Directions:
Copy only the lines from the one with "Some of the words" through the end of the records, exactly as they stand. No pictures belong in the copy.

Source material:
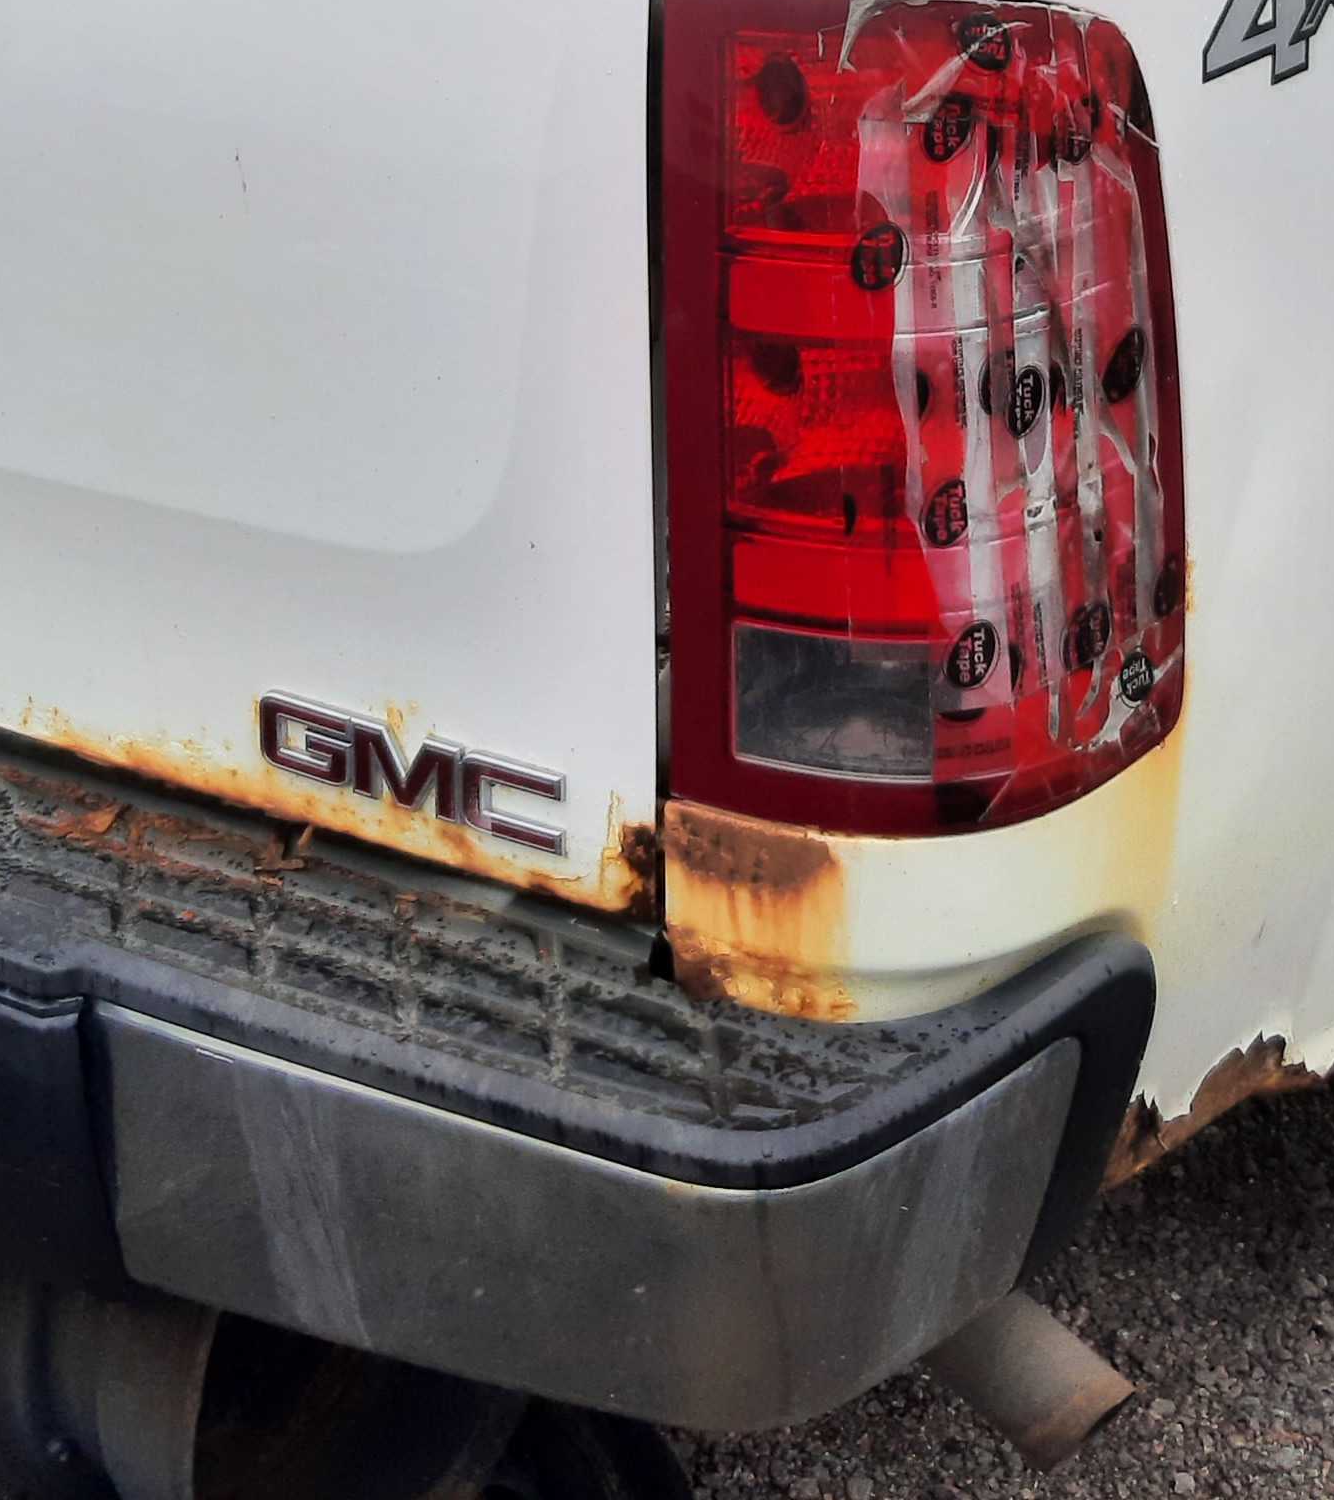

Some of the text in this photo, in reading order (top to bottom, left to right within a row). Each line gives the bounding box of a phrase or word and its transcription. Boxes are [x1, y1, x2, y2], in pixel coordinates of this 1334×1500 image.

[1020, 374, 1036, 422] Tuck
[948, 484, 964, 534] Tuck
[957, 636, 972, 684] Tape
[971, 626, 986, 678] Tuck
[1122, 657, 1147, 679] Tape
[1126, 672, 1152, 696] Tuck
[258, 689, 567, 857] GMC
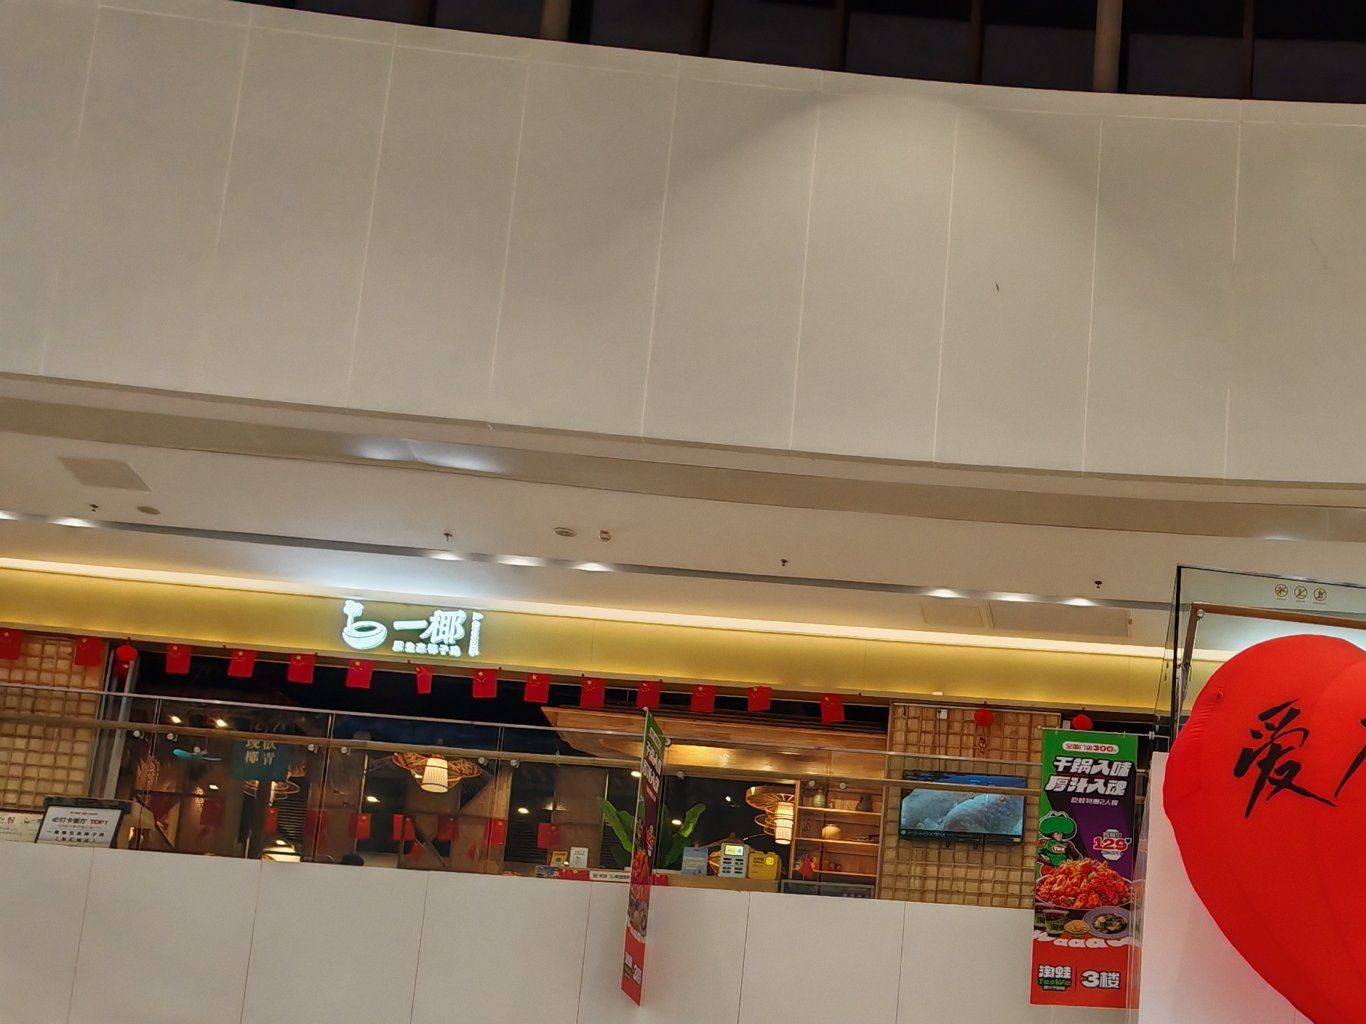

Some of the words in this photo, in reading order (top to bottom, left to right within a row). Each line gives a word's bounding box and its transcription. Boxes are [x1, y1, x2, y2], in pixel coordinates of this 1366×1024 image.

[393, 609, 467, 645] 一椰
[1053, 756, 1132, 777] 干锅入味
[1045, 775, 1128, 796] 厚汁入魂
[1093, 837, 1128, 851] 129
[1038, 965, 1071, 979] 淘蛙
[1081, 970, 1120, 989] 3楼
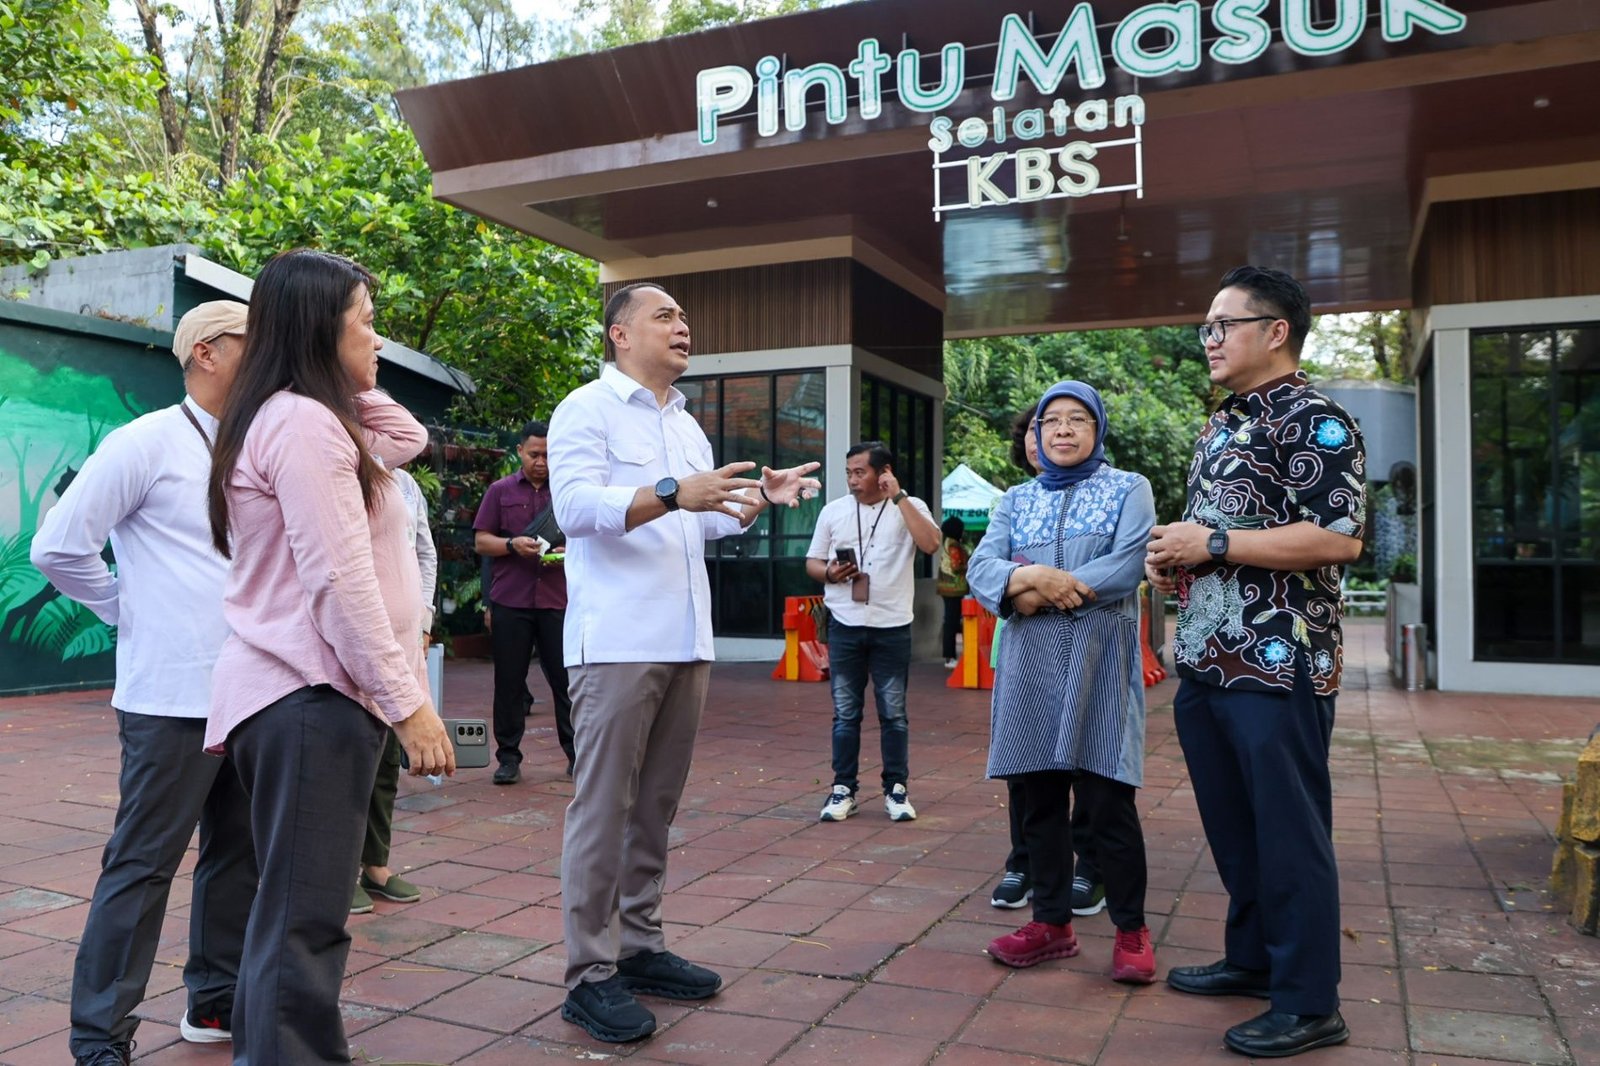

The answer:
Some of the words in this photo, in reading order (top to bottom, left to right within a row). Each line gives a word's bounding box and its transcription. Boxes are [x1, y1, x2, y2], in pixel coordinates of this 1366×1024 image.

[393, 609, 467, 645] 一椰
[1053, 756, 1132, 777] 干锅入味
[1045, 775, 1128, 796] 厚汁入魂
[1093, 837, 1128, 851] 129
[1038, 965, 1071, 979] 淘蛙
[1081, 970, 1120, 989] 3楼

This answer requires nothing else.